CCMamba: Selective State-Space Models for Higher-Order Graph Learning on Combinatorial Complexes
This work addresses scalability and information aggregation limitations in topological deep learning for researchers and practitioners dealing with complex relational data, representing a novel method rather than an incremental improvement.
The authors tackled the problem of modeling higher-order relational structures in topological deep learning by proposing CCMamba, a unified mamba-based neural framework for combinatorial complexes, which achieved consistent performance improvements over existing methods on benchmarks while offering linear-time scalability and robustness to depth.

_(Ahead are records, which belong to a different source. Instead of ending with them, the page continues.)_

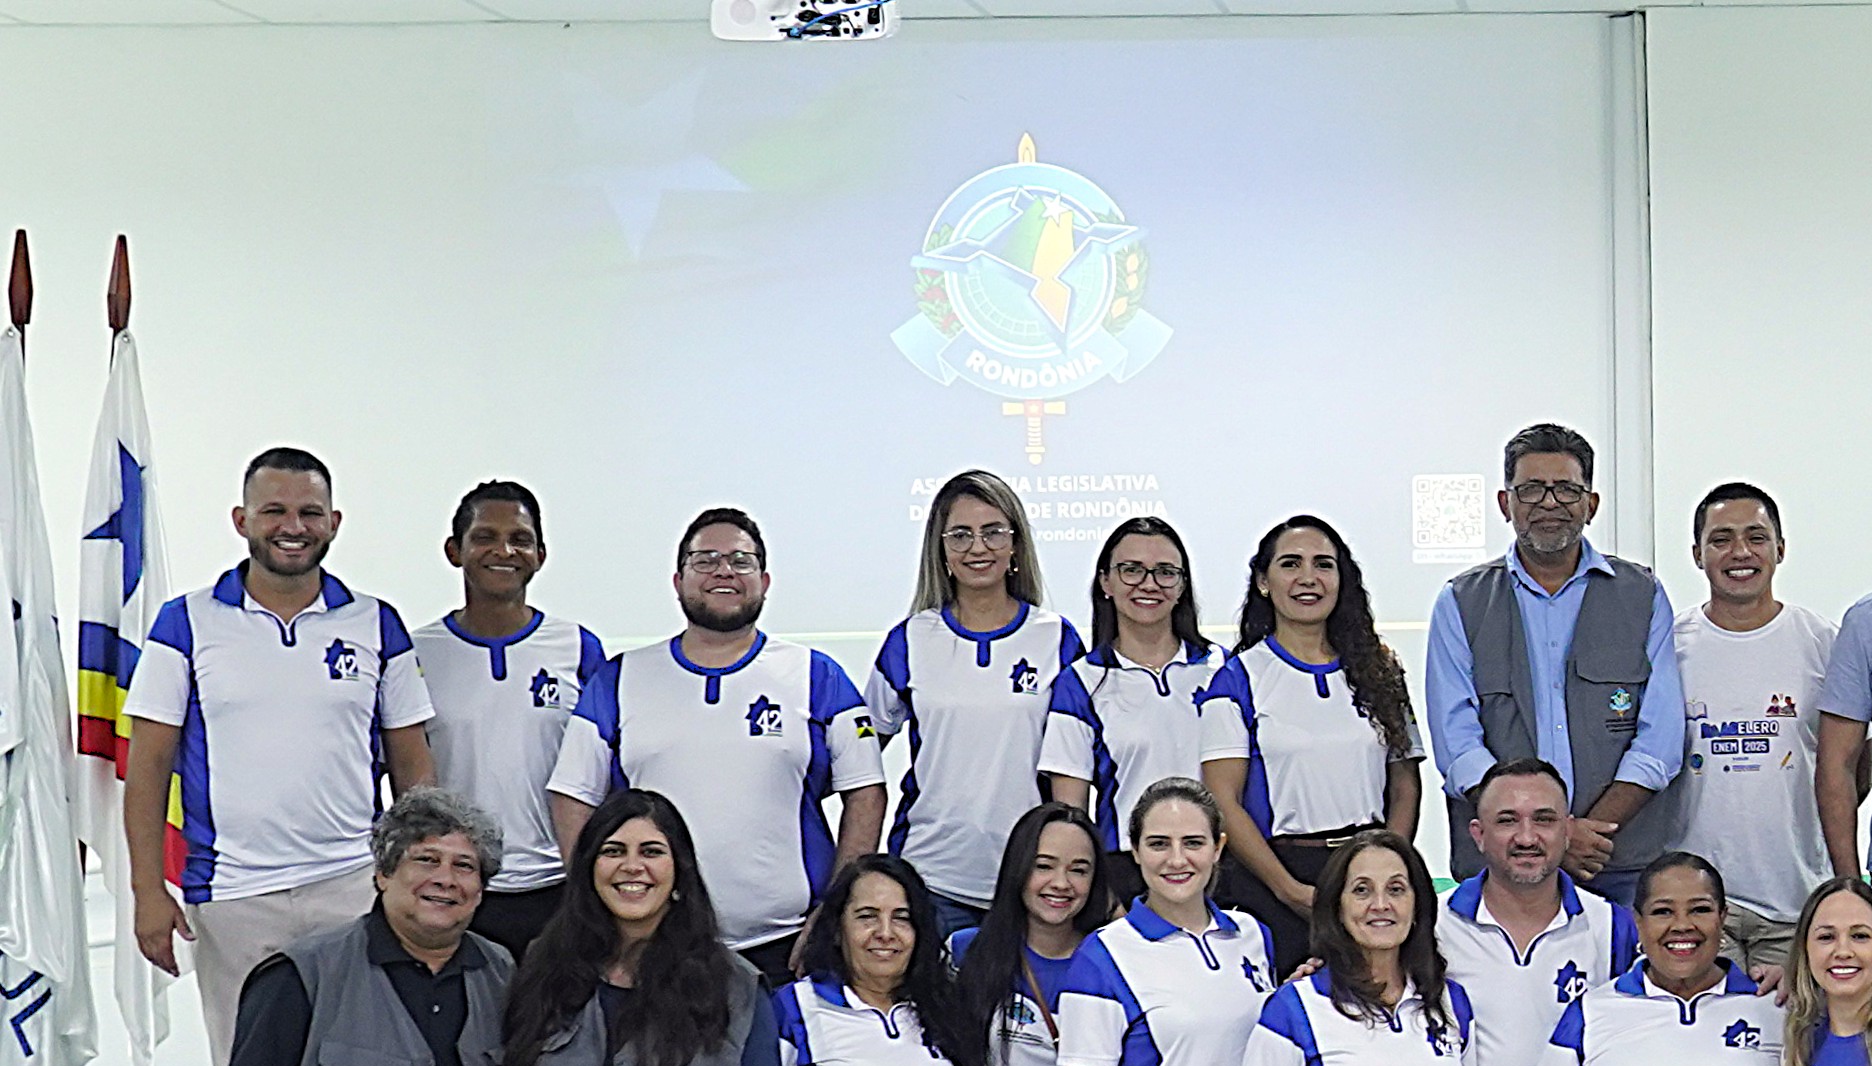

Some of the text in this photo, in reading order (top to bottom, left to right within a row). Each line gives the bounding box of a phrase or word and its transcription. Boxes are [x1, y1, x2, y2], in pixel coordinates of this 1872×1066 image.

[966, 350, 1101, 388] RONDÔNIA
[1037, 473, 1159, 492] LEGISLATIVA
[1057, 497, 1167, 518] RONDÔNIA
[335, 654, 356, 675] 42
[1018, 672, 1037, 692] 42
[538, 684, 559, 706] 42
[756, 710, 780, 733] 42
[1713, 741, 1767, 752] ENEM 2025
[1565, 978, 1587, 1001] 42
[1734, 1032, 1759, 1047] 42
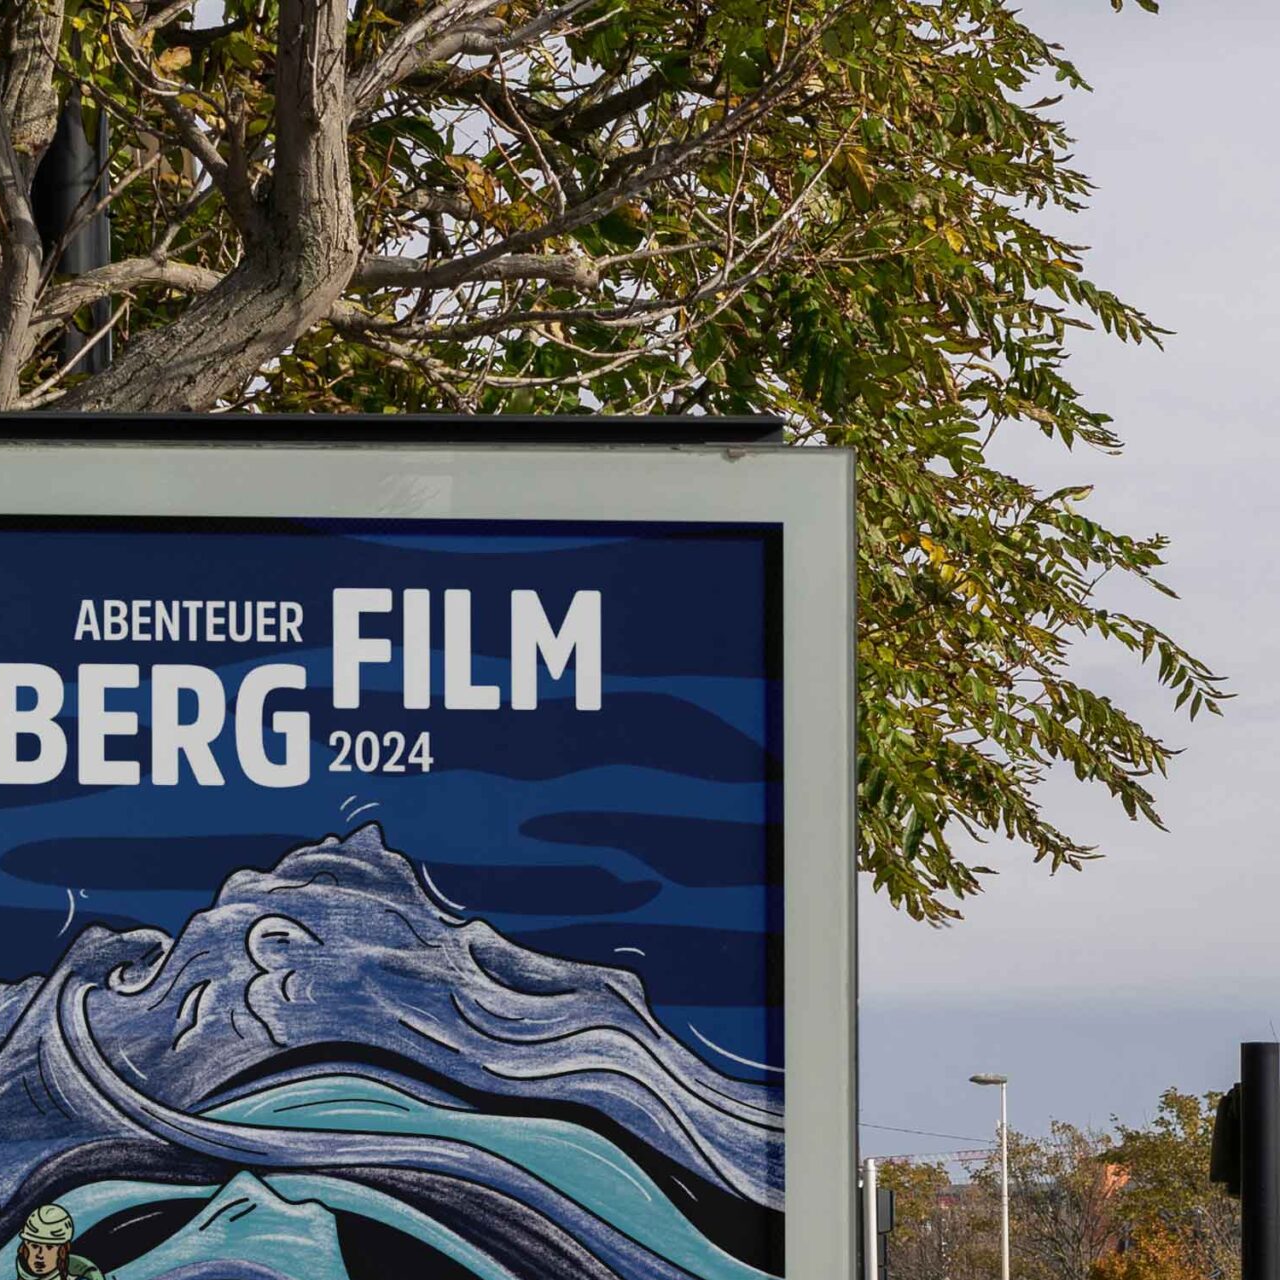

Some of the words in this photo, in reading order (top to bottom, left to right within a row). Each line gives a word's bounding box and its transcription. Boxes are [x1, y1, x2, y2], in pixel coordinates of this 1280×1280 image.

[74, 599, 303, 643] ABENTEUER
[332, 588, 602, 711] FILM
[328, 731, 434, 773] 2024

Topological deep learning has emerged for modeling higher-order relational structures beyond pairwise interactions that standard graph neural networks fail to capture. Although combinatorial complexes offer a unified topological framework, most existing topological deep learning methods rely on local message passing via attention mechanisms, which incur quadratic complexity and remain low-dimensional, limiting scalability and rank-aware information aggregation in higher-order complexes.We propose Combinatorial Complex Mamba (CCMamba), the first unified mamba-based neural framework for learning on combinatorial complexes. CCMamba reformulates message passing as a selective state-space modeling problem by organizing multi-rank incidence relations into structured sequences processed by rank-aware state-space models. This enables adaptive, directional, and long range information propagation in linear time without self attention. We further establish the theoretical analysis that the expressive power upper-bound of CCMamba message passing is the 1-Weisfeiler-Lehman test. Experiments on graph, hypergraph, and simplicial benchmarks demonstrate that CCMamba consistently outperforms existing methods while exhibiting improved scalability and robustness to depth.